● WHAT IS EXPECTED
Drop the pictures and restate the rest of the listing word for word.

-=-=-=-=-

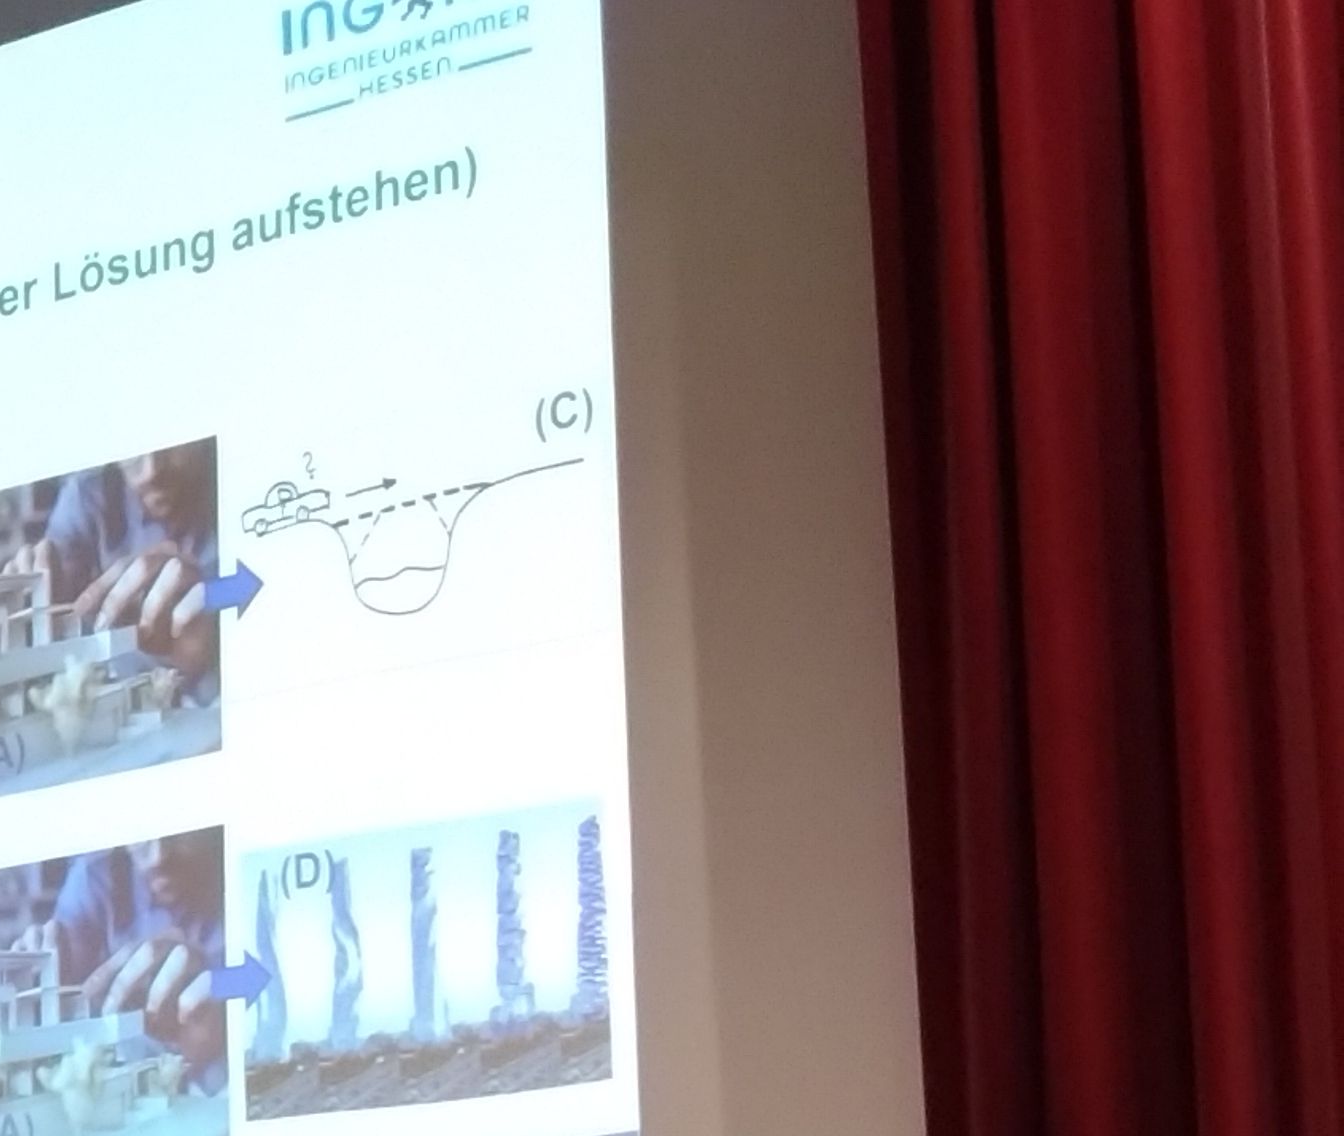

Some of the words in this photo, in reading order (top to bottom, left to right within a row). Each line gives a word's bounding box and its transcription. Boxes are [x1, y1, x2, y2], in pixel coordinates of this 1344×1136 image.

[284, 4, 530, 94] INGENIEURKAMMER
[358, 56, 452, 99] HESSEN
[54, 226, 216, 303] Lösung
[230, 146, 479, 252] aufstehen)
[534, 387, 594, 442] (C)
[280, 848, 334, 898] (D)
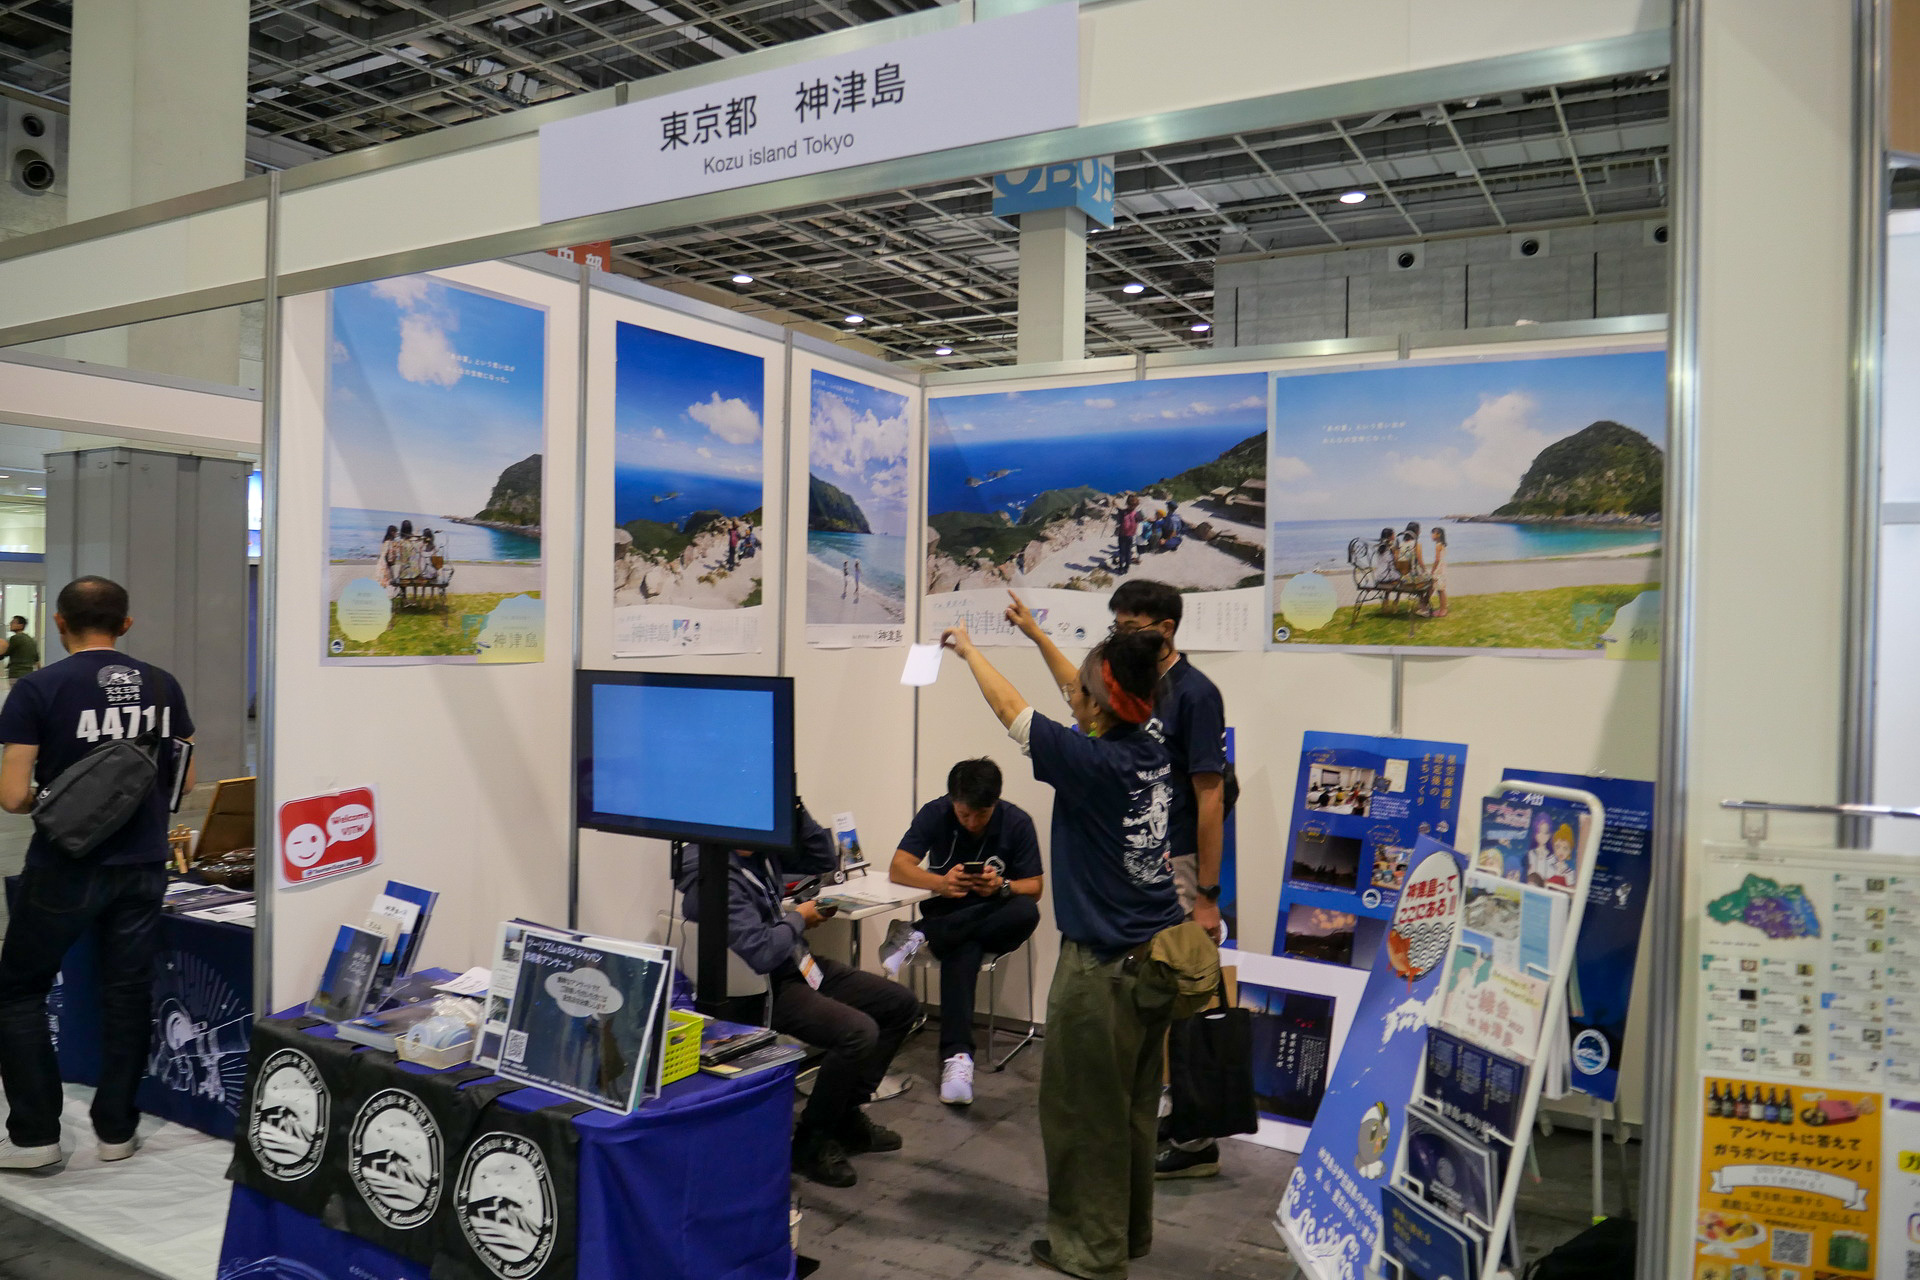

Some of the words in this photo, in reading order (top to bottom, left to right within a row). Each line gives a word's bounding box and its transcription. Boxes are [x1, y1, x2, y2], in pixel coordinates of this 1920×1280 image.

[659, 94, 758, 152] 東京都
[794, 62, 906, 124] 神津島
[703, 151, 744, 175] Kozu
[748, 141, 798, 168] island
[803, 130, 854, 157] Tokyo
[331, 811, 370, 826] Welcome
[1406, 874, 1458, 903] 神津島って
[1729, 1125, 1862, 1151] アンケートに答えて
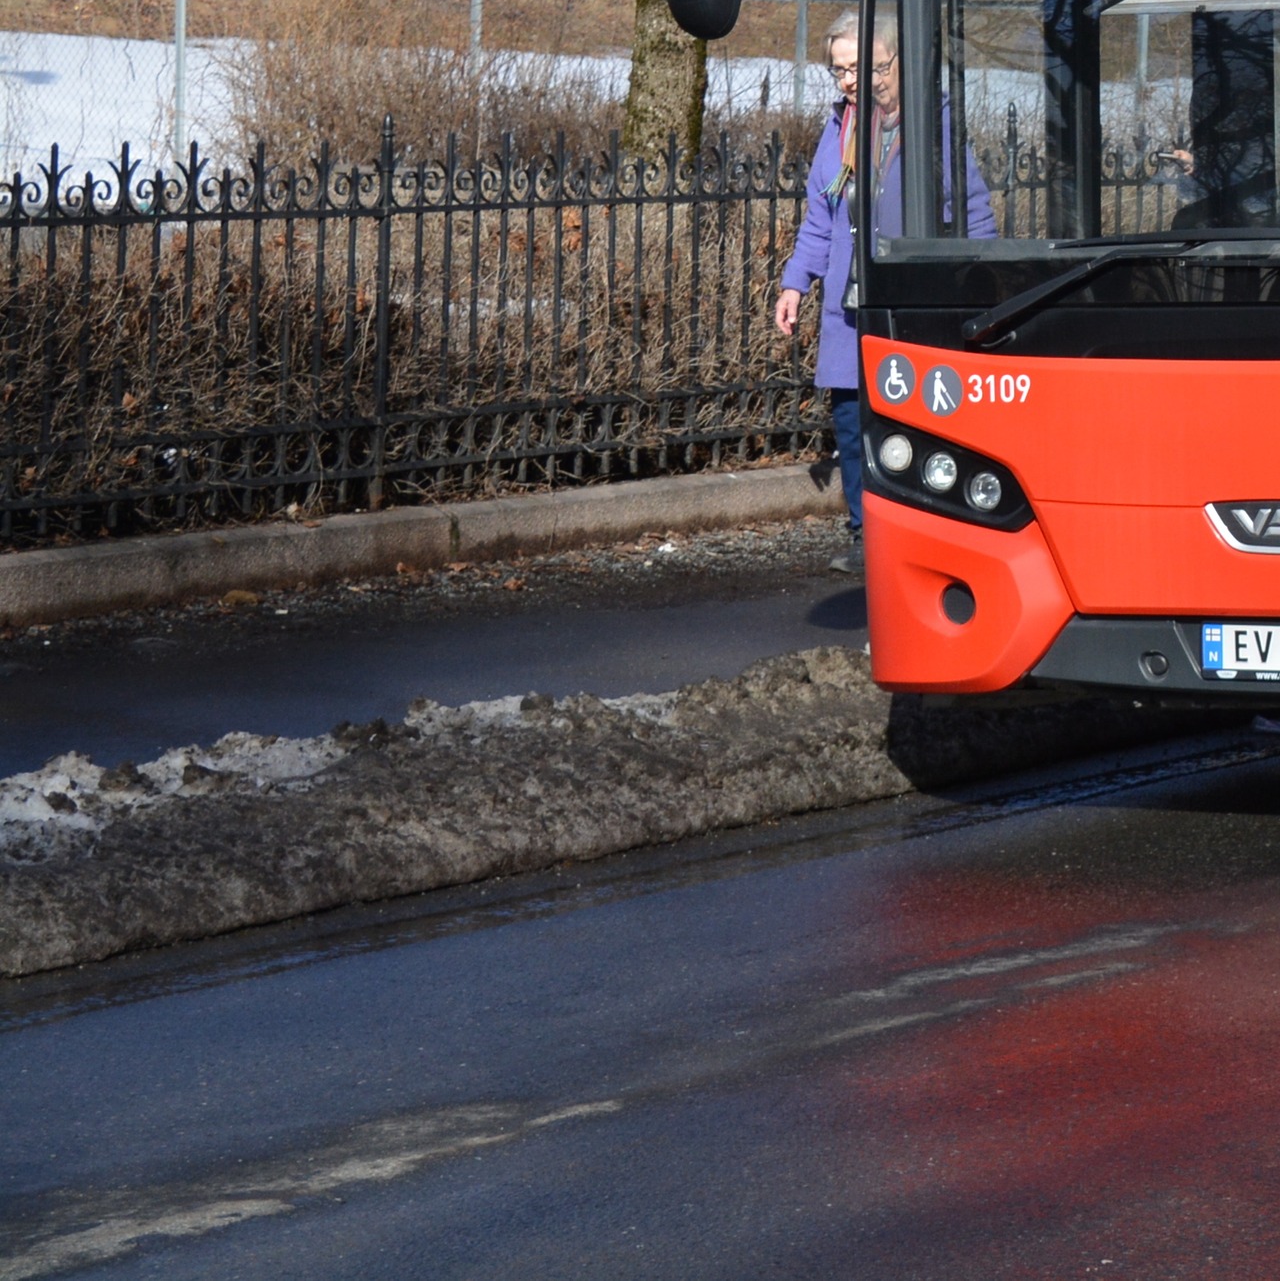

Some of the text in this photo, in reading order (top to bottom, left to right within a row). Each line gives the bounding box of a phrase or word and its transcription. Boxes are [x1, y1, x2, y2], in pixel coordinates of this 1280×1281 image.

-=-=-=-=-

● EXPECTED ANSWER
Some of the words in this photo, in reading order (top to bottom, left to right within a row). Each line gives a word's bounding box and its transcription. Boxes are [x1, y1, x2, y2], in pixel coordinates of this 1344×1136 image.

[284, 4, 530, 94] INGENIEURKAMMER
[358, 56, 452, 99] HESSEN
[54, 226, 216, 303] Lösung
[230, 146, 479, 252] aufstehen)
[534, 387, 594, 442] (C)
[280, 848, 334, 898] (D)

Some of the words in this photo, in reading order (top to bottom, left to right within a row). Each line gives a word's bounding box and its transcription. Boxes are [x1, y1, x2, y2], in pixel coordinates of this 1920×1280 image.

[659, 94, 758, 152] 東京都
[794, 62, 906, 124] 神津島
[703, 151, 744, 175] Kozu
[748, 141, 798, 168] island
[803, 130, 854, 157] Tokyo
[331, 811, 370, 826] Welcome
[1406, 874, 1458, 903] 神津島って
[1729, 1125, 1862, 1151] アンケートに答えて

Some of the text in this photo, in reading order (top to bottom, left to right within a row). Each line gives the bounding box of a phrase or word and its transcription. Boxes are [x1, y1, x2, y2], in pixel coordinates of this 1280×1281 image.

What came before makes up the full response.